• _EXERCISE OBJECTIVE_: Images are to be dropped, and the rest of the data reproduced exactly.
Start of TASK MATERIAL
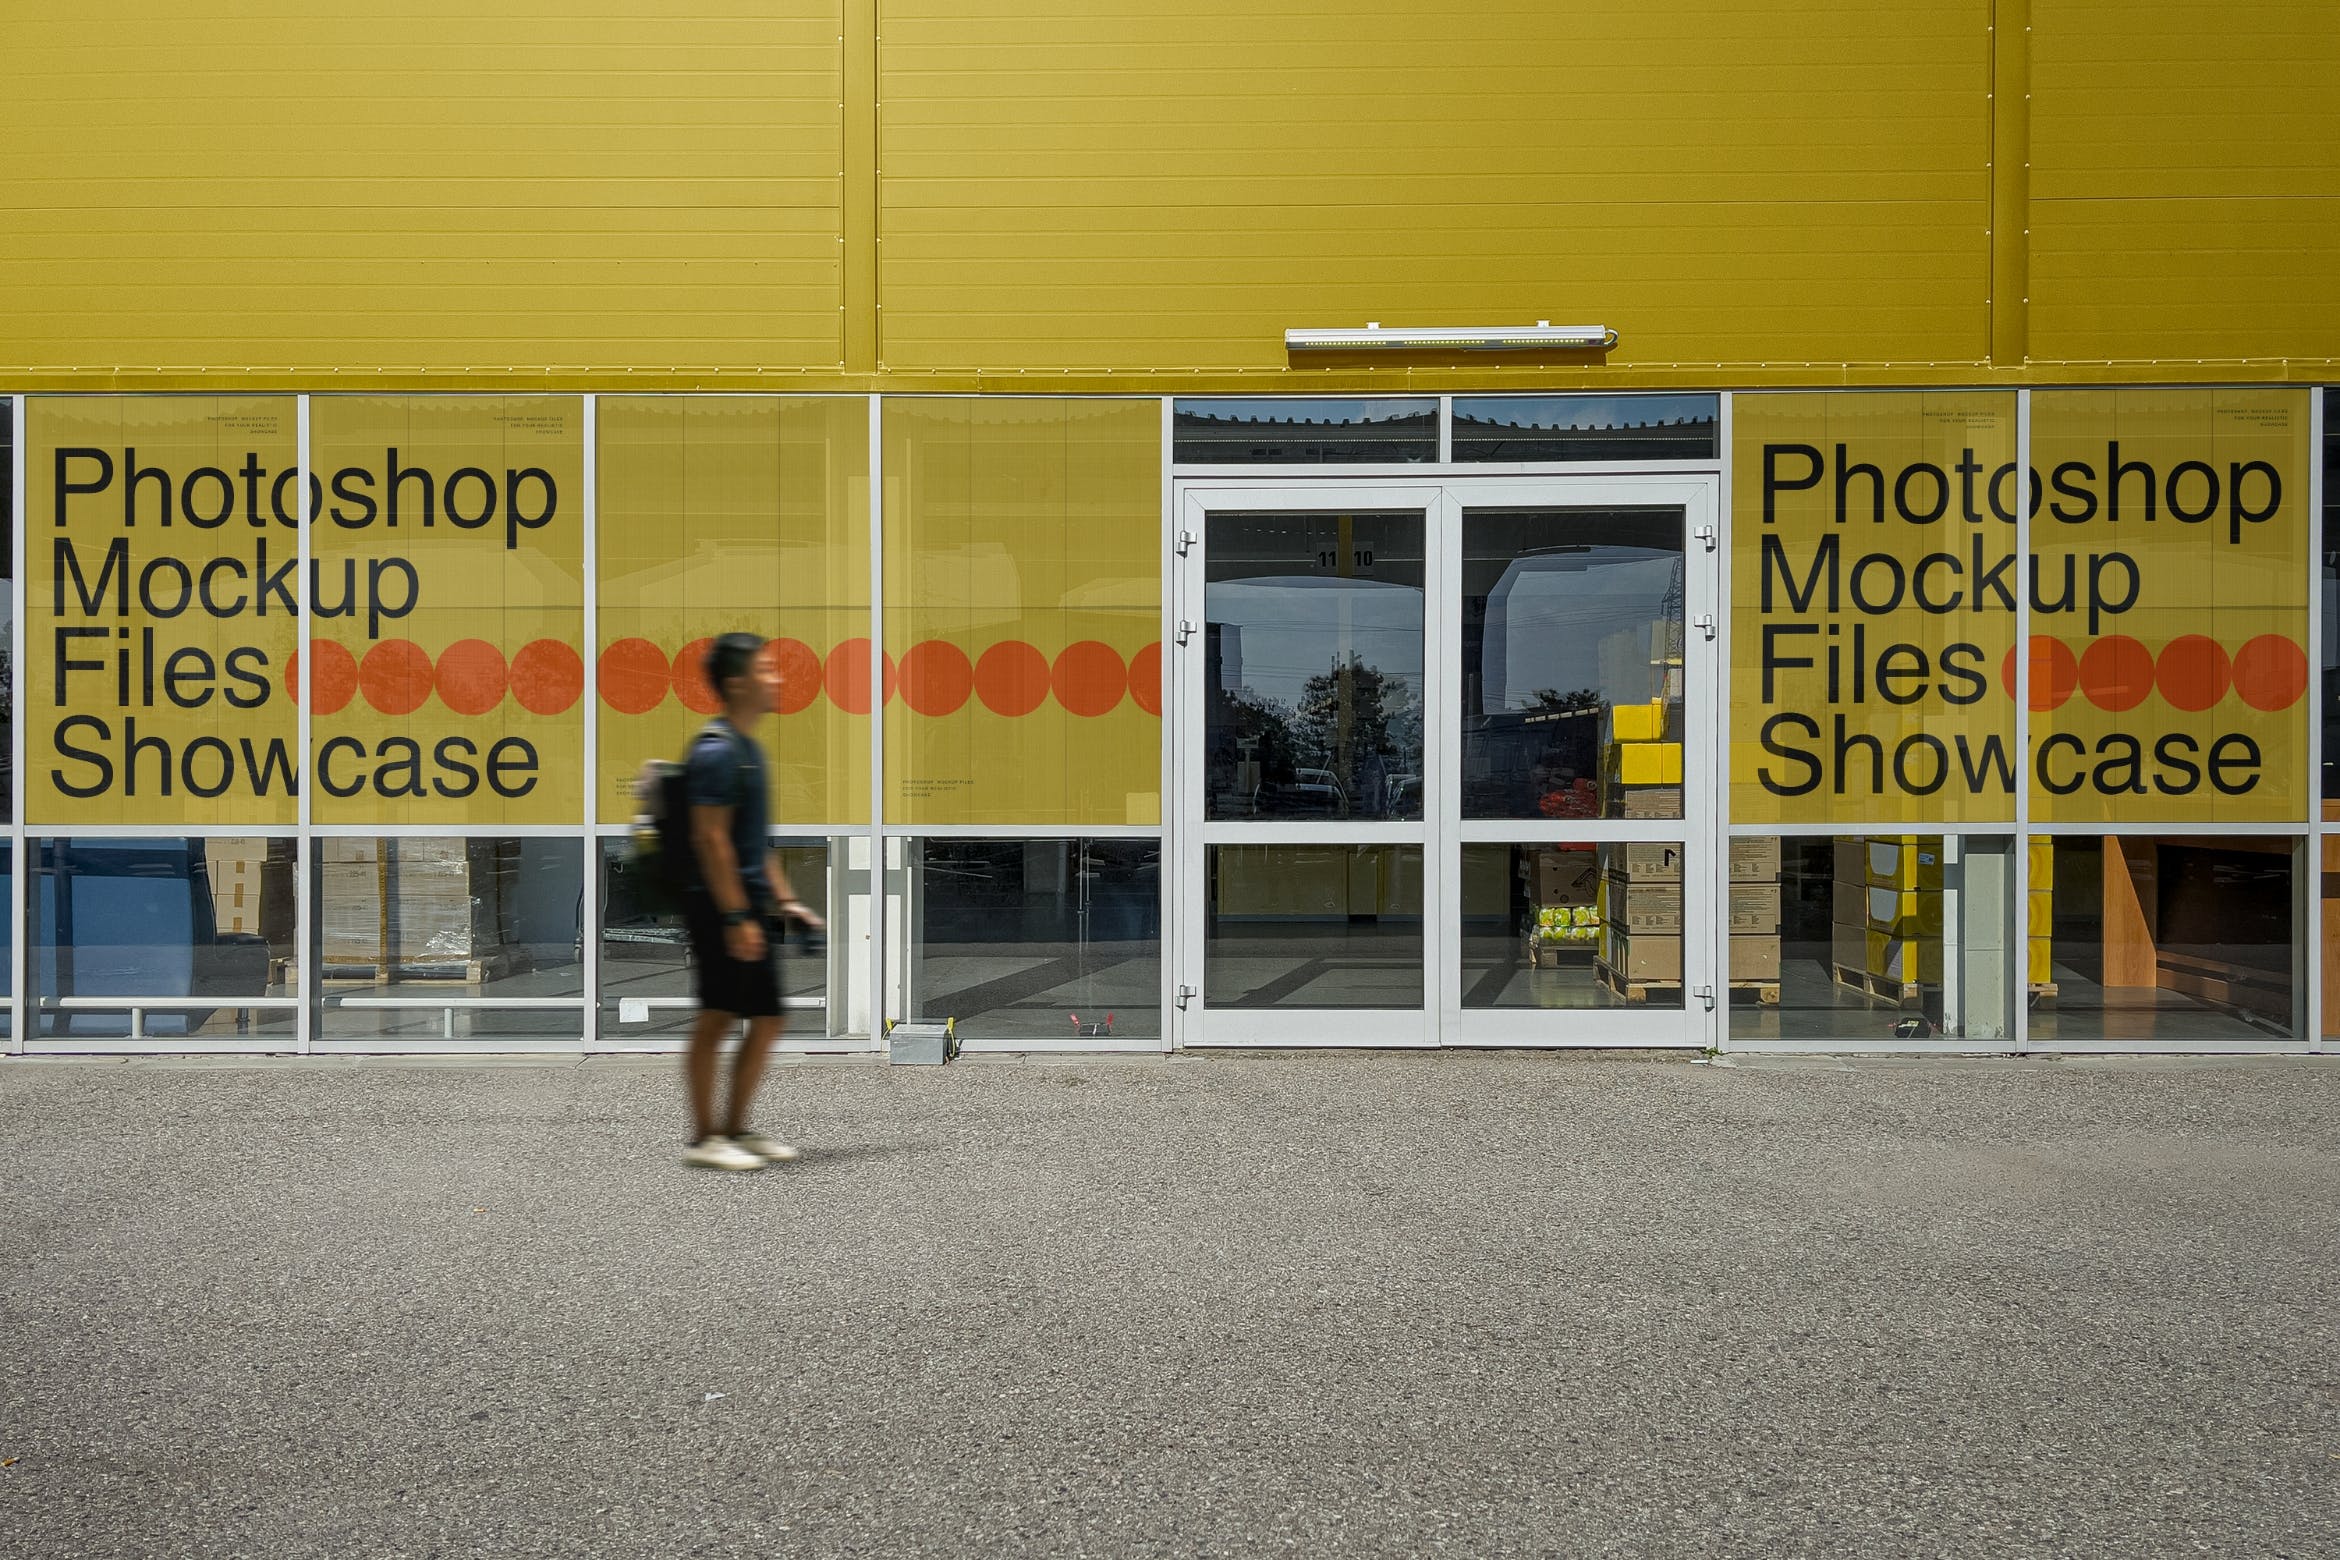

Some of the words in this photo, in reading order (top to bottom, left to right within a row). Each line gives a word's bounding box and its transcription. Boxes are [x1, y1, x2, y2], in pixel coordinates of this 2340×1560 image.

[54, 447, 558, 550] Photoshop
[1762, 441, 2283, 544] Photoshop
[54, 537, 419, 640] Mockup
[1318, 551, 1336, 567] 11
[1354, 551, 1373, 567] 10
[1760, 533, 2140, 636] Mockup
[54, 627, 271, 708] Files
[1761, 623, 1988, 706] Files
[51, 714, 539, 798] Showcase
[1757, 711, 2262, 796] Showcase
End of TASK MATERIAL
• _ANSWER TO THIS TASK_:
Some of the words in this photo, in reading order (top to bottom, left to right within a row). Each line gives a word's bounding box and its transcription. Boxes are [x1, y1, x2, y2], in pixel coordinates of this 2340×1560 image.

[54, 447, 558, 550] Photoshop
[1762, 441, 2283, 544] Photoshop
[54, 537, 419, 640] Mockup
[1318, 551, 1336, 567] 11
[1354, 551, 1373, 567] 10
[1760, 533, 2140, 636] Mockup
[54, 627, 271, 708] Files
[1761, 623, 1988, 706] Files
[51, 714, 539, 798] Showcase
[1757, 711, 2262, 796] Showcase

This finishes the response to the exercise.